Uma praça de alimentação com opções variadas das diversas regiões e estados do Brasil, acessível ao custo equivalente de um prato feito diário, com sucos naturais, incluindo opções veganas e sem corantes artificiais. Frutas de todas estações, legumes, ervas preparadas para uso medicinal livre da química industrial. Uma oferta (a preços módicos ou gratuita) de plantas ornamentais, frutíferas e de paisagismo, ao lado de uma mostra de bioinsumos desenvolvidos em parceria com institutos e universidades públicas. Há poucos metros, outra variedade de laticínios, raízes, carnes, mel, café, derivados da cana e incontáveis frutas nativas regionais processadas por cooperativas e unidades familiares em pequenas propriedades. Prefere um vinho orgânico ou cachaça artesanal de qual estado?
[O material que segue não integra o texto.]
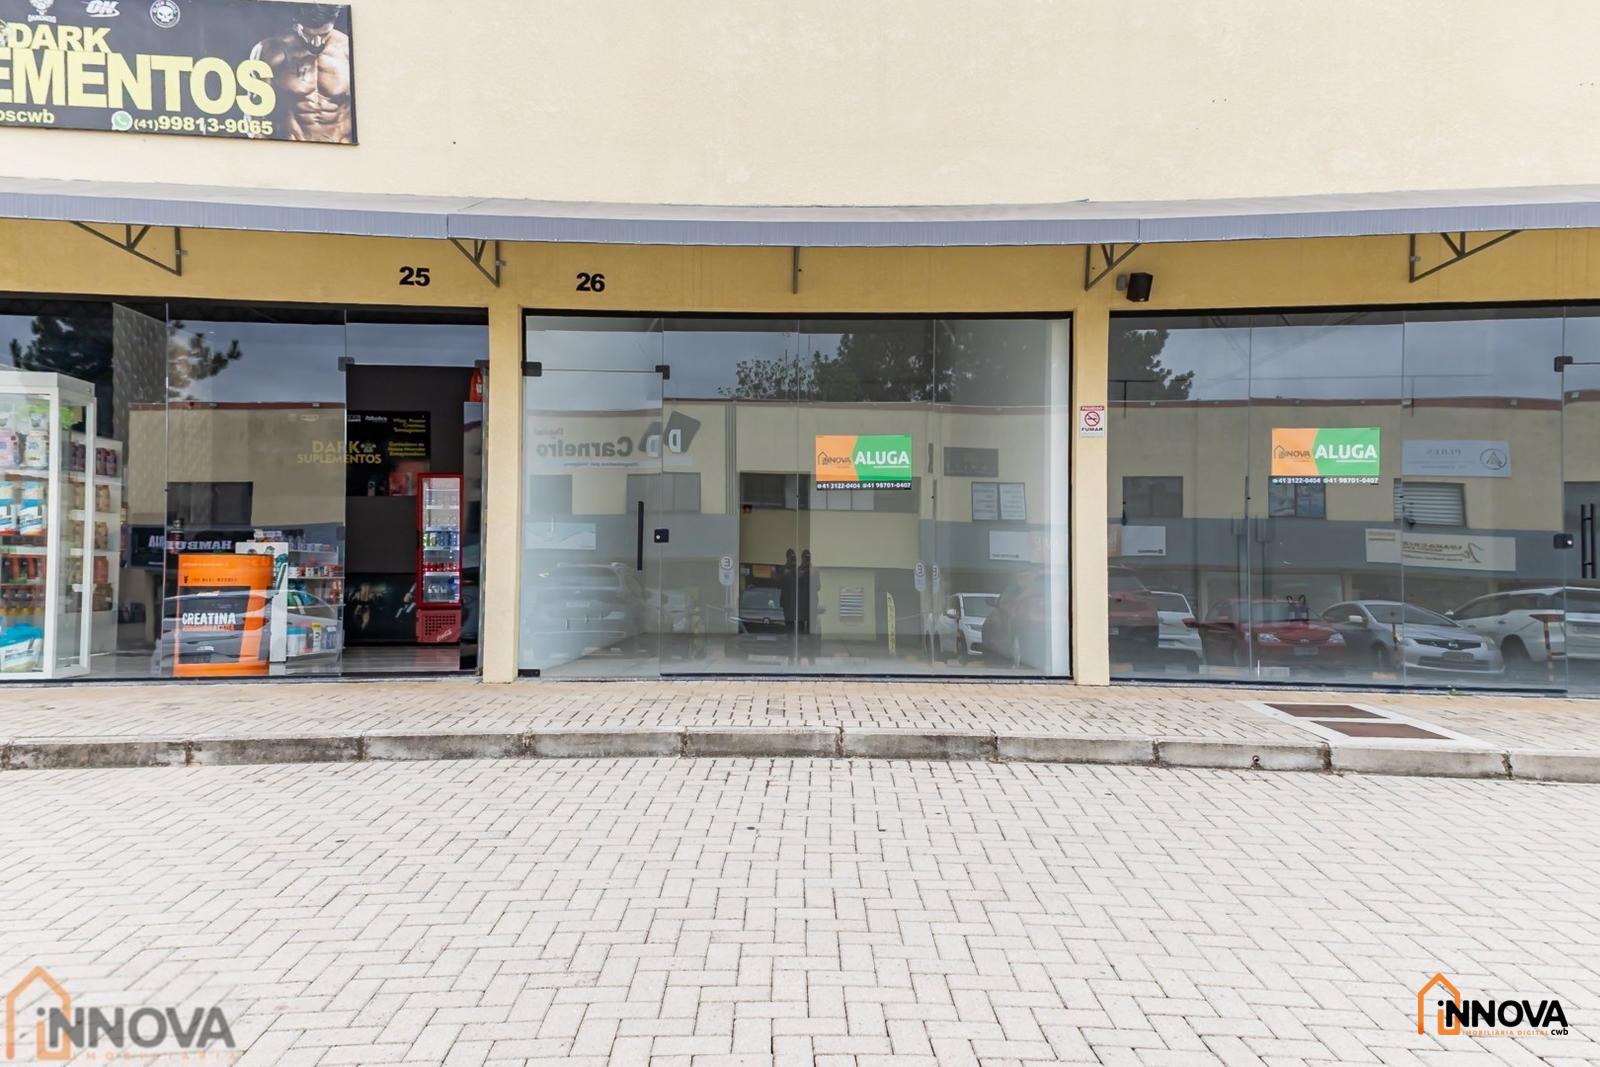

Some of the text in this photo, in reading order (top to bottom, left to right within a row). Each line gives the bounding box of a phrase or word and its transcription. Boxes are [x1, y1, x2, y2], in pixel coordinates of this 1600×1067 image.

Difícil descrever tudo o que a V Feira Nacional da Reforma Agrária, realizada no Parque da Água Branca, na capital paulista, entre 8 e 11 de maio, ofertou aos cerca de 300 mil visitantes que ainda tiveram a possibilidade de curtir gratuitamente opções de lazer, expressões culturais, shows musicais ou dialogar com grupos que experimentam em assentamentos de todo Brasil práticas egroecológicas e alimentos saudáveis produzidos em cultivo orgânico e sustentável da terra livre de qualquer risco de agrotóxicos.
No balanço dos organizadores da feira, promovida pelo Movimento dos Trabalhadores Rurais Sem Terra (MST), foram 1.920 tipos de produtos ofertados, 40 toneladas de alimentos doados, participação de 180 cooperativas de produção e 143 pratos oriundos de 23 estados no espaço ‘Culinária da Terra’, apresentação de 357 artistas de múltiplas expressões culturais, além das 28 oficinas e seminários nos quatro dias do evento. A dimensão do projeto se traduz nos indicadores do evento: 580 toneladas de produtos, 12 mil mudas de árvores, 970 sementes, tudo com o trabalho de cerca de 2 mil trabalhadores rurais que vieram de todas as regiões do País, alguns grupos em viagens de dois ou três dias de duração.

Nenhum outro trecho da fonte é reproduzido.